Until recently it was often assumed that spiking population growth and expanding land use patterns were mainly to blame for any increase in the number of big fires. But the Science study, which was conducted by researchers at the Scripps Institute and the UC Merced, concluded that these factors have had "relatively little effect." Instead, the authors wrote, the change has come about mainly because summers have gotten longer, hotter, and drier. "The transition has been marked by a shift toward unusually warm springs, longer summer dry seasons, drier vegetation, and longer fire seasons."

Do greenhouse gases contribute to global warming?

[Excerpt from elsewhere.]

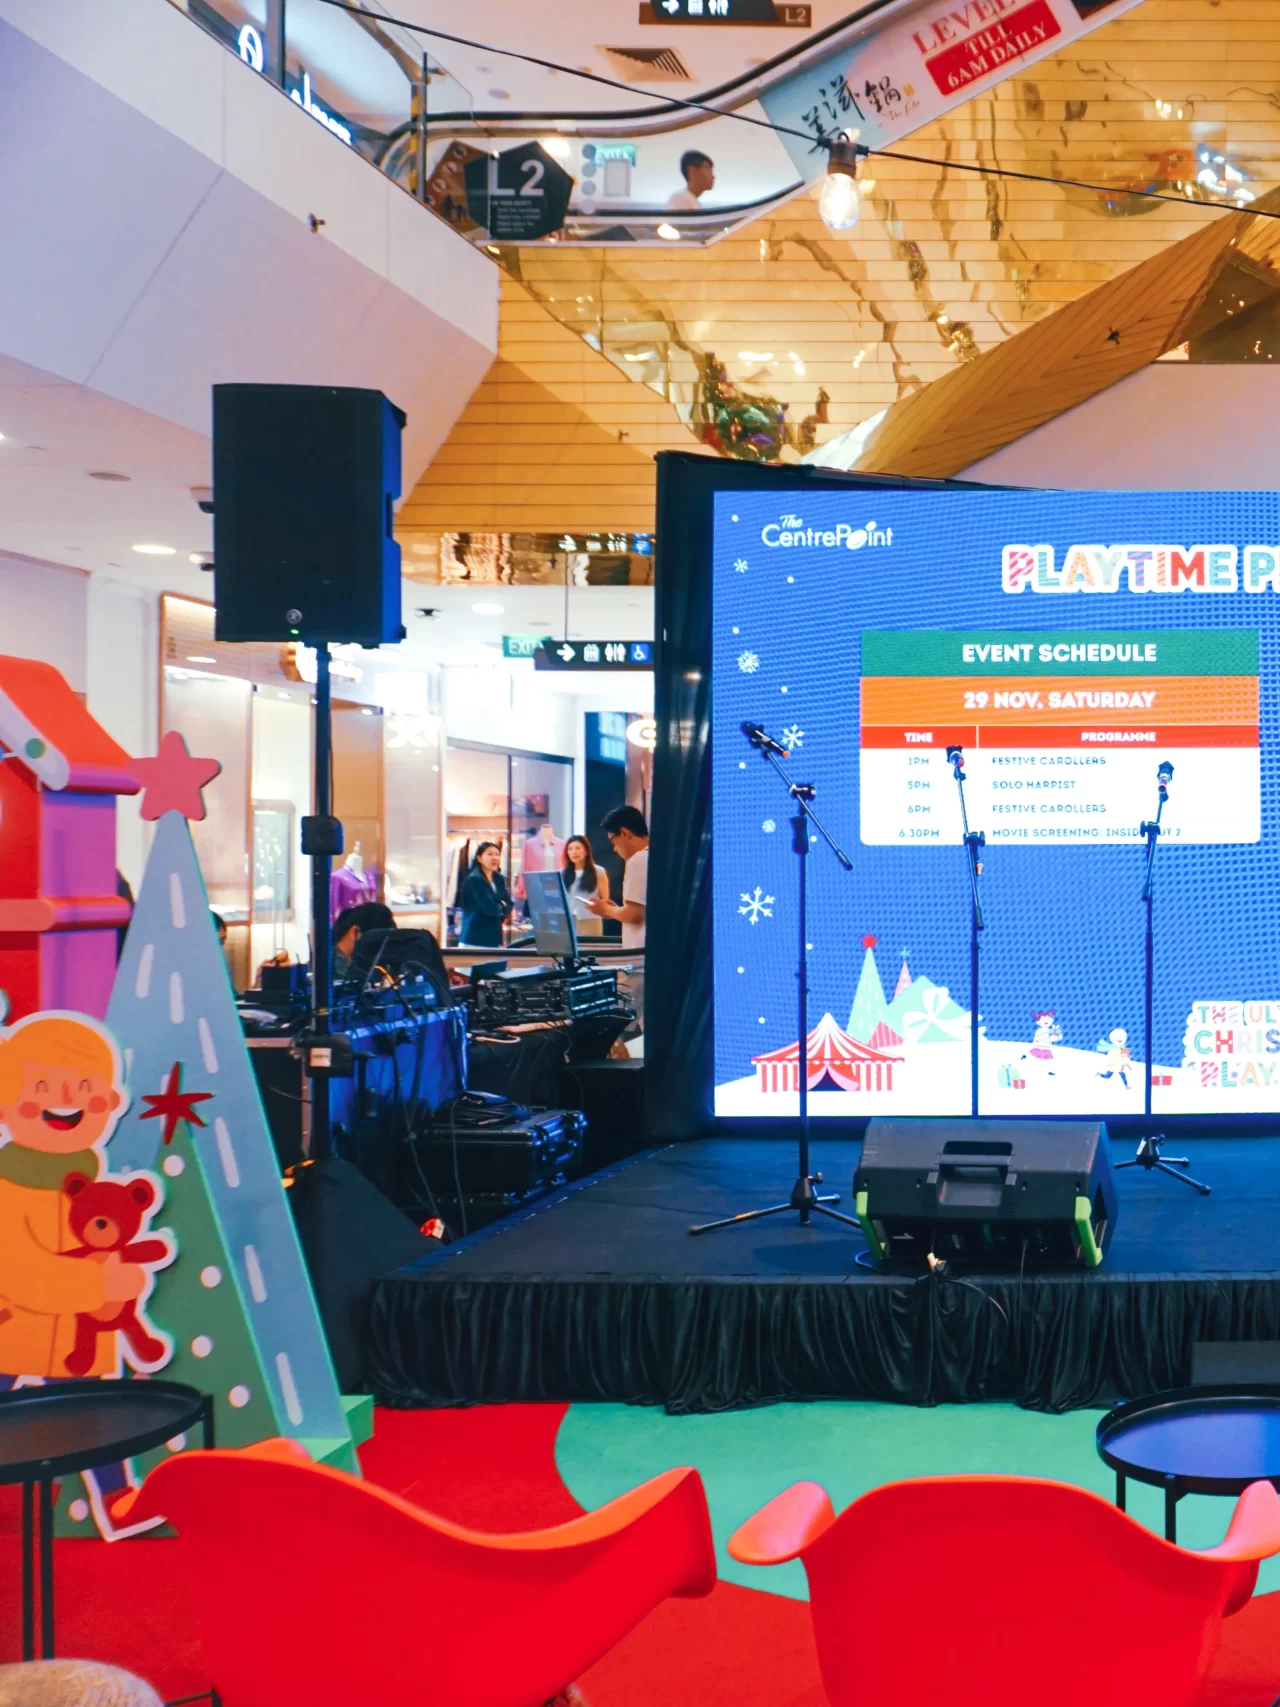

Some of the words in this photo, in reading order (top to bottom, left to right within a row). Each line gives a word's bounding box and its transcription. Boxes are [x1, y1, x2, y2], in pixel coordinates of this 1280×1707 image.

You can debate that point -- if you're a dumbass. But how can you possibly question whether global warming is a hazard to our health? From drought to floods to fires to a rise in pest populations and plant diseases, the world is reeling from the consequences of this fossil-fueled fever.

But it's the Bush administration that's delirious, determined to fight any attempts to regulate greenhouse gases on the grounds that it would damage the U.S. economy and cause too many job losses. So the White House forced the EPA to revise its earlier document, which not only supported regulating greenhouse gases under the Clean Air Act but noted, to the Administration's consternation, that there could be a "net benefit to society ... in excess of $2 trillion," as the Wall Street Journal reported Friday:

The White House on Thursday rejected EPA's conclusion three weeks earlier that the 1970 Clean Air Act can be both workable and effective for addressing global climate change. Instead, EPA said Friday that law is ''ill-suited'' for dealing with climate change...

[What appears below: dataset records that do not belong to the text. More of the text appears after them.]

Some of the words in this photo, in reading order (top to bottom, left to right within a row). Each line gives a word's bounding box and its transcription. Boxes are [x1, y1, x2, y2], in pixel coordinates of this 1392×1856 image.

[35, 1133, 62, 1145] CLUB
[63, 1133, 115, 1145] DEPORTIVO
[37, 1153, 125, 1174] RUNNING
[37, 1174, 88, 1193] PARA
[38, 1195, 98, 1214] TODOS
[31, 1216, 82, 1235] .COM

...''One point is clear: the potential regulation of greenhouse gases under any portion of the Clean Air Act could result in unprecedented expansion of EPA authority that would have a profound effect on virtually every sector of the economy and touch every household in the land,'' EPA Administrator Stephen Johnson said in a preface to the 588-page federal notice Friday.

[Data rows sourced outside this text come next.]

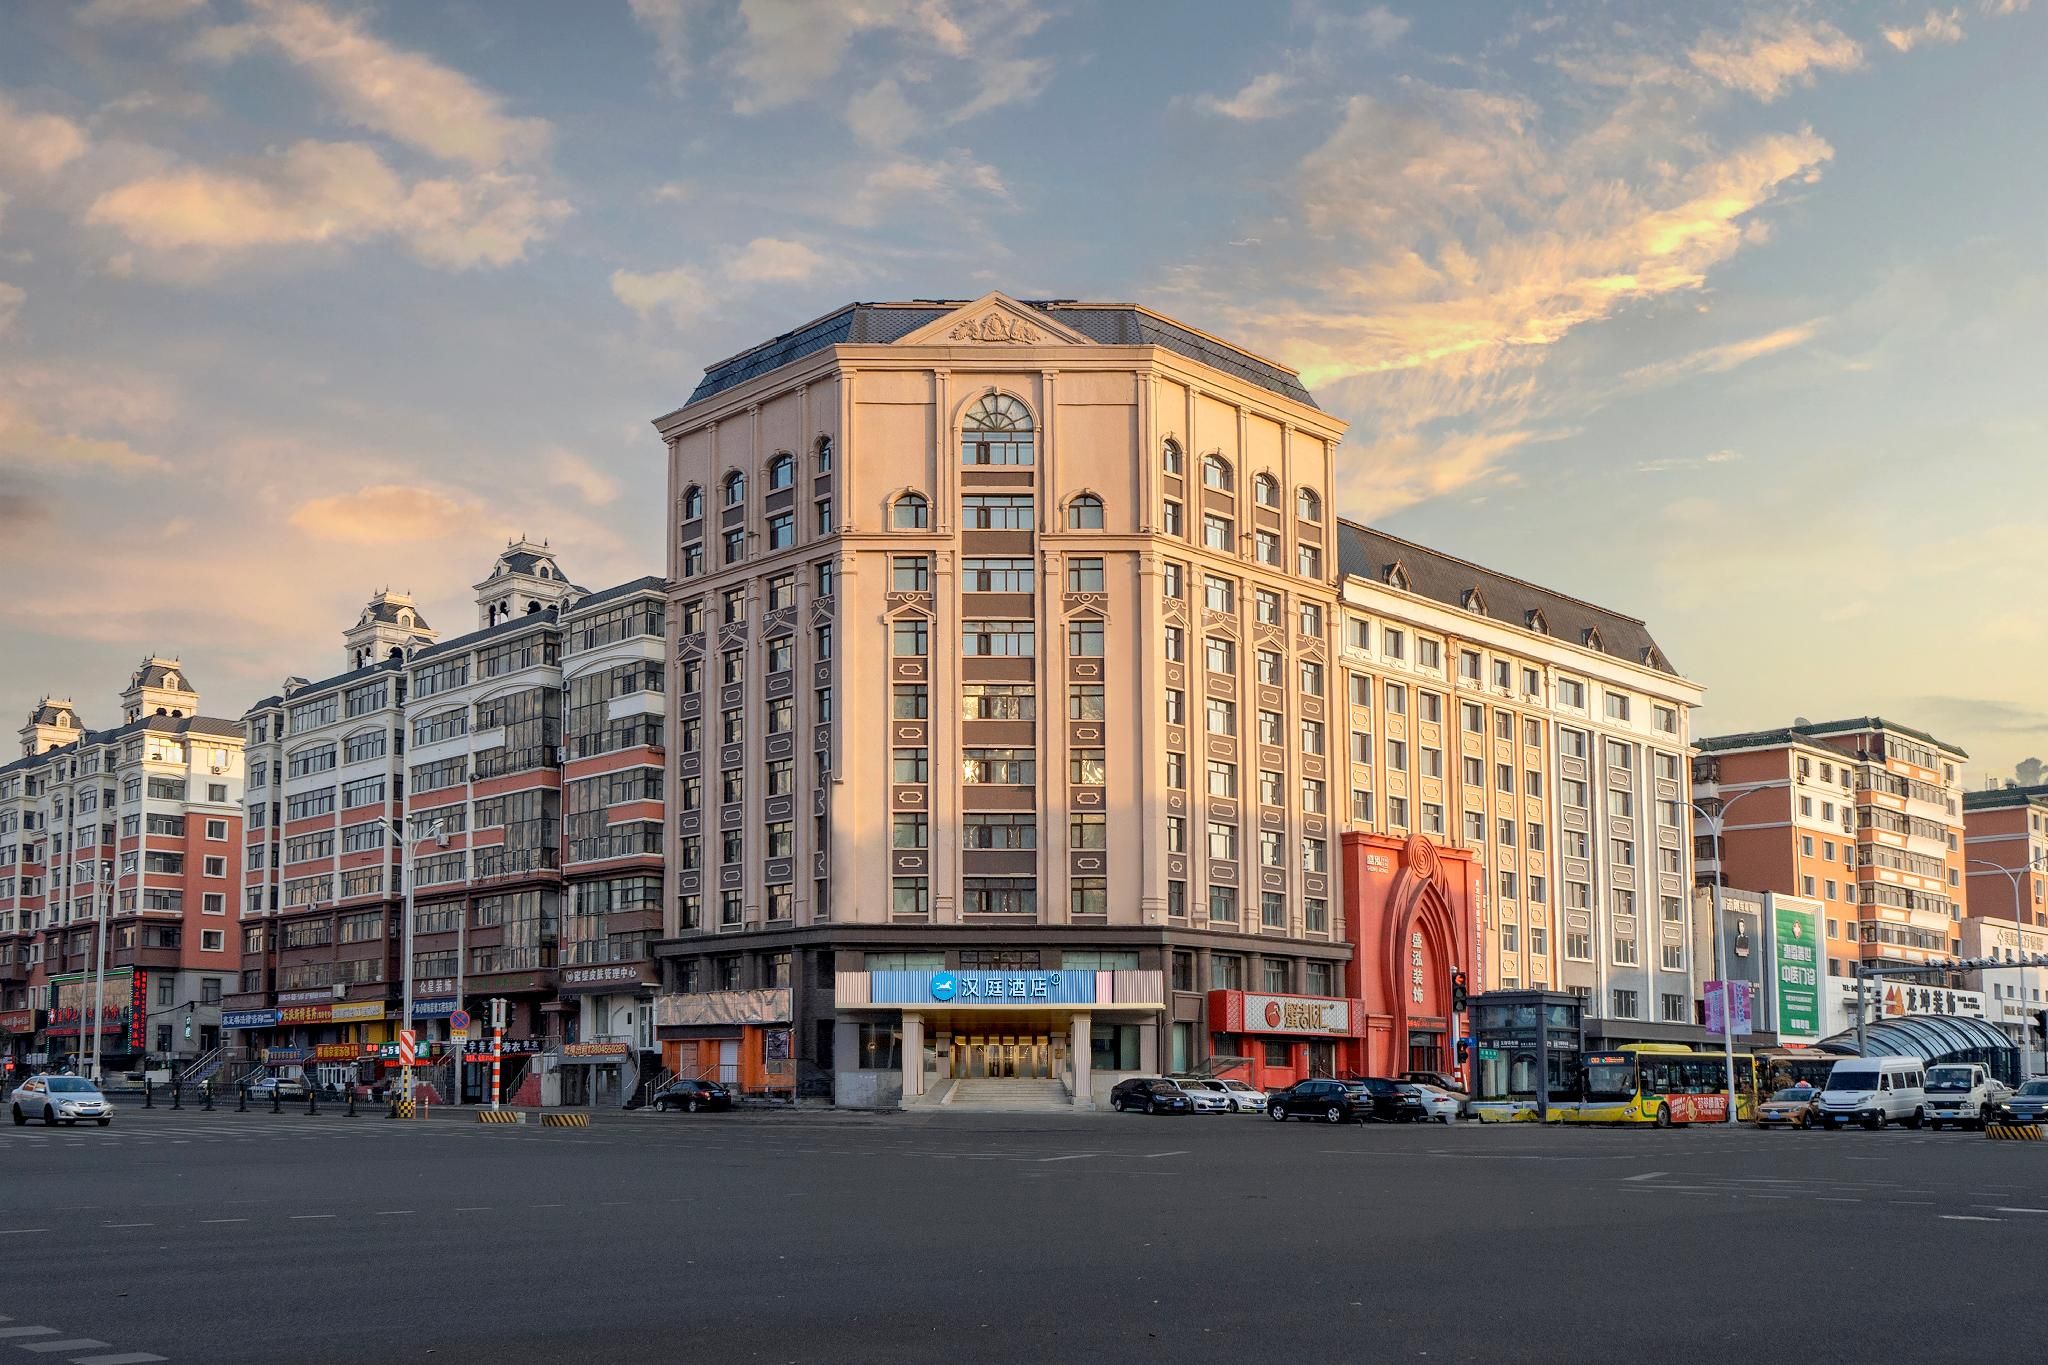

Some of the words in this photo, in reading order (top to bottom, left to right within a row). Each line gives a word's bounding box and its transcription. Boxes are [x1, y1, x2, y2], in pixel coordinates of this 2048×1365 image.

[1412, 932, 1423, 1004] 盛泓装饰
[1781, 965, 1816, 986] 中医门诊
[418, 979, 452, 994] 众星装饰
[961, 978, 1047, 997] 汉庭酒店
[1907, 987, 1956, 1015] 龙坤装饰

As opposed to global warming, which only affects some households? Like the families of the farm workers dropping dead in the fields? Or the folks who've lost their homes in the California wildfires? Or the farmers in the heartland who've lost their crops to floods?

Instead of taking action, the Decider's decided that we need to continue to debate this matter until someone who's even more of a Decider sets up shop in the Oval Office, according to the Guardian:

The US environmental protection agency (EPA) announced today that no action will be taken to regulate carbon emissions while George Bush remains president.

The EPA's decision to sit on its hands comes after months of wrangling between government scientists, who pressed for action in the wake of a landmark US Supreme Court ruling, and White House officials dead set against regulating pollution...

... the EPA forestalled environmental action today with a unique response. Rather than weighing in on how to regulate emissions, agency administrator Stephen Johnson extended the period for public comment on climate change until after Bush leaves office, effectively depositing the problem in the lap of the next president.

OK, so here's my public comment: on behalf of Abdon Felix Garcia and his fellow farm workers who've perished in the scorching Central Valley heat, may I state that global warming is, like, rilly, rilly deadly? Like, seriously? Mister Prezidon't, if you can't stand the heat, get out of the White House, already--you're killing us.